• _TRY IT_
Return the full set of records, matching them character for character.

### EXTRACTED MATERIAL ###

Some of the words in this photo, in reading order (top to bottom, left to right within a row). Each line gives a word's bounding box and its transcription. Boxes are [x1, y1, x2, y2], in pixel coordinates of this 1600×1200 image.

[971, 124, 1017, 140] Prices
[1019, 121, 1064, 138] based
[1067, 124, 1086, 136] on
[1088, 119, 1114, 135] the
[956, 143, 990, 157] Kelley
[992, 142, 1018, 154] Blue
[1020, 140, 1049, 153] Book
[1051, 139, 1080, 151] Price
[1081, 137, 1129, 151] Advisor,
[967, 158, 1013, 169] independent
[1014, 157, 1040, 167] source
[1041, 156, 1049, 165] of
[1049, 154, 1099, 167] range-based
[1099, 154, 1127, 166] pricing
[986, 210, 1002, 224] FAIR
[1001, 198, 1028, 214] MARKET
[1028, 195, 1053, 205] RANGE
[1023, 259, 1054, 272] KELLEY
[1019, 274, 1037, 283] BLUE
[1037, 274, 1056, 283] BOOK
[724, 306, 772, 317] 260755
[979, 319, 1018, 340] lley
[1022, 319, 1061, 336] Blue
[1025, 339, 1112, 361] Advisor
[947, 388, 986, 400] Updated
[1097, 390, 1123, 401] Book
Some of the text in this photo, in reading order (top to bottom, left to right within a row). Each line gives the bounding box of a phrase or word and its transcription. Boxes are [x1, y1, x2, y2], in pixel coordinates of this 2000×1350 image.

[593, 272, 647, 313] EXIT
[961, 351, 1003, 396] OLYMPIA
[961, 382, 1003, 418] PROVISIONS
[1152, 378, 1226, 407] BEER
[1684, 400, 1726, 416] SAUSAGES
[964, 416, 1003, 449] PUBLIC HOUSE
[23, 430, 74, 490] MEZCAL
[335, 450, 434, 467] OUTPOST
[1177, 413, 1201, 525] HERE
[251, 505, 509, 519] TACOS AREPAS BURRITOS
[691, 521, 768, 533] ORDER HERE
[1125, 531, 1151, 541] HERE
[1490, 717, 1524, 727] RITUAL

###

• _EXERCISE SOLUTION_
Some of the words in this photo, in reading order (top to bottom, left to right within a row). Each line gives a word's bounding box and its transcription. Boxes are [x1, y1, x2, y2], in pixel coordinates of this 1600×1200 image.

[971, 124, 1017, 140] Prices
[1019, 121, 1064, 138] based
[1067, 124, 1086, 136] on
[1088, 119, 1114, 135] the
[956, 143, 990, 157] Kelley
[992, 142, 1018, 154] Blue
[1020, 140, 1049, 153] Book
[1051, 139, 1080, 151] Price
[1081, 137, 1129, 151] Advisor,
[967, 158, 1013, 169] independent
[1014, 157, 1040, 167] source
[1041, 156, 1049, 165] of
[1049, 154, 1099, 167] range-based
[1099, 154, 1127, 166] pricing
[986, 210, 1002, 224] FAIR
[1001, 198, 1028, 214] MARKET
[1028, 195, 1053, 205] RANGE
[1023, 259, 1054, 272] KELLEY
[1019, 274, 1037, 283] BLUE
[1037, 274, 1056, 283] BOOK
[724, 306, 772, 317] 260755
[979, 319, 1018, 340] lley
[1022, 319, 1061, 336] Blue
[1025, 339, 1112, 361] Advisor
[947, 388, 986, 400] Updated
[1097, 390, 1123, 401] Book
Some of the text in this photo, in reading order (top to bottom, left to right within a row). Each line gives the bounding box of a phrase or word and its transcription. Boxes are [x1, y1, x2, y2], in pixel coordinates of this 2000×1350 image.

[593, 272, 647, 313] EXIT
[961, 351, 1003, 396] OLYMPIA
[961, 382, 1003, 418] PROVISIONS
[1152, 378, 1226, 407] BEER
[1684, 400, 1726, 416] SAUSAGES
[964, 416, 1003, 449] PUBLIC HOUSE
[23, 430, 74, 490] MEZCAL
[335, 450, 434, 467] OUTPOST
[1177, 413, 1201, 525] HERE
[251, 505, 509, 519] TACOS AREPAS BURRITOS
[691, 521, 768, 533] ORDER HERE
[1125, 531, 1151, 541] HERE
[1490, 717, 1524, 727] RITUAL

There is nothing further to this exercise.